Enviada em 13/08/2018

No filme “Delírios de consumo de Becky Bloom”, Rebecca é um exemplo clássico de consumidora compulsiva e comprar, para ela, é sinônimo de prazer. Contudo, o inesperado acontece e ela se vê desempregada e com uma dívida de milhares de dólares no cartão de crédito. Hodiernamente, a situação de muitos brasileiros se assemelha à de Rebecca, pois falta-lhes uma postura consciente em relação aos hábitos de consumo, o que se deve a fatores como a ausência de educação financeira e aos valores estimulados pela dinâmica capitalista.

Segundo Karl Marx, a produção cria consumo, logo, cabe aos aparelhos midiáticos incutir nas pessoas necessidades artificiais a fim de garantir mercado. Desse modo, as propagandas, ao associarem valores como felicidade e beleza à aquisição de certos produtos, estão de certo modo deseducando a sociedade e concretizando a máxima míope do “parecer” em superação do “ser”. Consoante a necessidade intrínseca do ser humano por aceitação, os brasileiros deixam-se ludibriar pelas ilusões midiáticas, endividam-se e passam a compor a malha que já supera os 60 milhões de cidadãos com o nome no SPC.

Outrossim, diante de uma taxa de desemprego de 13% e da crise financeira, manter as contas em dia exige uma consciência financeira que parece não fazer parte da cultura brasileira. Infelizmente, as linhas de crédito e propostas bancárias são tentadoras e pouco claras quanto às taxas de juros e regras, o que leva muitos a gastarem além do seu poder de compra.

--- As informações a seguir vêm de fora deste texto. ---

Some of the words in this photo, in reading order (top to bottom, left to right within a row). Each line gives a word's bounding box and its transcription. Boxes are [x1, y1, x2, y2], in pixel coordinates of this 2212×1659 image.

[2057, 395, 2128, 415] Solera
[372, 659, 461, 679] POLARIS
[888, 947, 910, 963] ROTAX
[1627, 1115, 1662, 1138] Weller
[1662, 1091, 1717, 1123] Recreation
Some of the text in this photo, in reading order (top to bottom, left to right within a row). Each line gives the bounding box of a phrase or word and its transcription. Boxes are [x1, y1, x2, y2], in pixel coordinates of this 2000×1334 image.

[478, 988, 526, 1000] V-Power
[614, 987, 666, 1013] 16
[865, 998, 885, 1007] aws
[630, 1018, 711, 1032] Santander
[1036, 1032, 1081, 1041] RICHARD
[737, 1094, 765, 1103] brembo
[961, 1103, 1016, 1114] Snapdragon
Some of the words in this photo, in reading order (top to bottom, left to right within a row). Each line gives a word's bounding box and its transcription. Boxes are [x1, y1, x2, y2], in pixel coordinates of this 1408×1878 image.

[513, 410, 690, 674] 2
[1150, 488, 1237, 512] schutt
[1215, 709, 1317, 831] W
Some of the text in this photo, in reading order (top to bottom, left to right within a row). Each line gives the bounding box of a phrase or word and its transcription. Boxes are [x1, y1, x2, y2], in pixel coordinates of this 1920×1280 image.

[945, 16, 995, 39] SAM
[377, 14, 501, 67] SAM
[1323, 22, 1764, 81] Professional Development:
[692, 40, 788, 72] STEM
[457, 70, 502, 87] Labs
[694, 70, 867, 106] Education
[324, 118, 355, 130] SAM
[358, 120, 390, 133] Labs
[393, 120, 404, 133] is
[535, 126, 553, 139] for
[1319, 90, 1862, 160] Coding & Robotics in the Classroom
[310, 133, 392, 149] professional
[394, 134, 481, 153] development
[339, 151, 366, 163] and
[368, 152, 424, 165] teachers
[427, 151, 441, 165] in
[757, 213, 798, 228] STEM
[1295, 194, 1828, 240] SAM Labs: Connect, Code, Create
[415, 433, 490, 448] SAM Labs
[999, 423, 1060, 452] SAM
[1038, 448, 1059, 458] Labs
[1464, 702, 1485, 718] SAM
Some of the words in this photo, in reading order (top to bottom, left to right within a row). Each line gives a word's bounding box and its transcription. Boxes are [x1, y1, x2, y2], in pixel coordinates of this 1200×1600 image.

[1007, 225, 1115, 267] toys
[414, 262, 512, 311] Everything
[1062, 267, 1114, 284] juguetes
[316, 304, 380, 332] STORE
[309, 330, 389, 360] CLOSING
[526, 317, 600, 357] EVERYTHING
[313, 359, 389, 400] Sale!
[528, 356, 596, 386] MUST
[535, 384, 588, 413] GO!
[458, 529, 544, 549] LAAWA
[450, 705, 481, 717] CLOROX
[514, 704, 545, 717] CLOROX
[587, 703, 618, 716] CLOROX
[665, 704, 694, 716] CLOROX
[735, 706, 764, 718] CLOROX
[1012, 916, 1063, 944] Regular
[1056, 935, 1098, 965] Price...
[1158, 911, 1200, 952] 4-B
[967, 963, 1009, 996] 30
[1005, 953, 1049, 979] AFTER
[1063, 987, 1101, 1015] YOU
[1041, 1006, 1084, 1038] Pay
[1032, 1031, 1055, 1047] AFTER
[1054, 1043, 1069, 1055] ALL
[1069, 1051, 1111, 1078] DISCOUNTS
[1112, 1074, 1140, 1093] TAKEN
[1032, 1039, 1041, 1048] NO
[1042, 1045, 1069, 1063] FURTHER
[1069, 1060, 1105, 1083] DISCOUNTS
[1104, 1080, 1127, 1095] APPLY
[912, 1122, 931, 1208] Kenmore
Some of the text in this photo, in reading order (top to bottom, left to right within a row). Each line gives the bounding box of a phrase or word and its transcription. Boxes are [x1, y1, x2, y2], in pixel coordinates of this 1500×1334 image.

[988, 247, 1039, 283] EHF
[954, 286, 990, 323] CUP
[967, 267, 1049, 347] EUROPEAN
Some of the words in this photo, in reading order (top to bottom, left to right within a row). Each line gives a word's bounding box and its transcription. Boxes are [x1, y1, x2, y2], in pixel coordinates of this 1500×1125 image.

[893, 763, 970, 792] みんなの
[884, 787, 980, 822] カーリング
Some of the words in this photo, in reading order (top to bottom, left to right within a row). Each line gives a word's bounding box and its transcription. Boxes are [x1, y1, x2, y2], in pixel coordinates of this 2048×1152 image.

Além disso, segundo a revista Exame, a maioria das pessoas não economiza ou investe e nem se preocupa com reservas futuras. Assim, o consumismo revela-se como um fator que desestabiliza o indivíduo e arrisca o seu futuro.

Evidenciam-se, portanto, problemas significativos associados aos maus hábitos de consumo do brasileiro. A fim de promover uma maior conscientização financeira, o Governo Federal deve incentivar o cidadão a melhor administrar suas contas por meio da criação e divulgação de plataformas digitais com cursos que versem sobre como organizar o orçamento mensal e os perigos de contar com estruturas como empréstimos e cheque especial. Assim, mais educados, os cidadãos poderão ter mais consciência de suas escolhas consumidoras. Além disso, a sociedade deve cuidar que haja uma inversão de valores, por intermédio da valorização da moral e ética dos indivíduos- uma vez que são termômetros concretos de medição de caráter- ao invés da visão mecanicista que confunde o “ser” com o “ter”.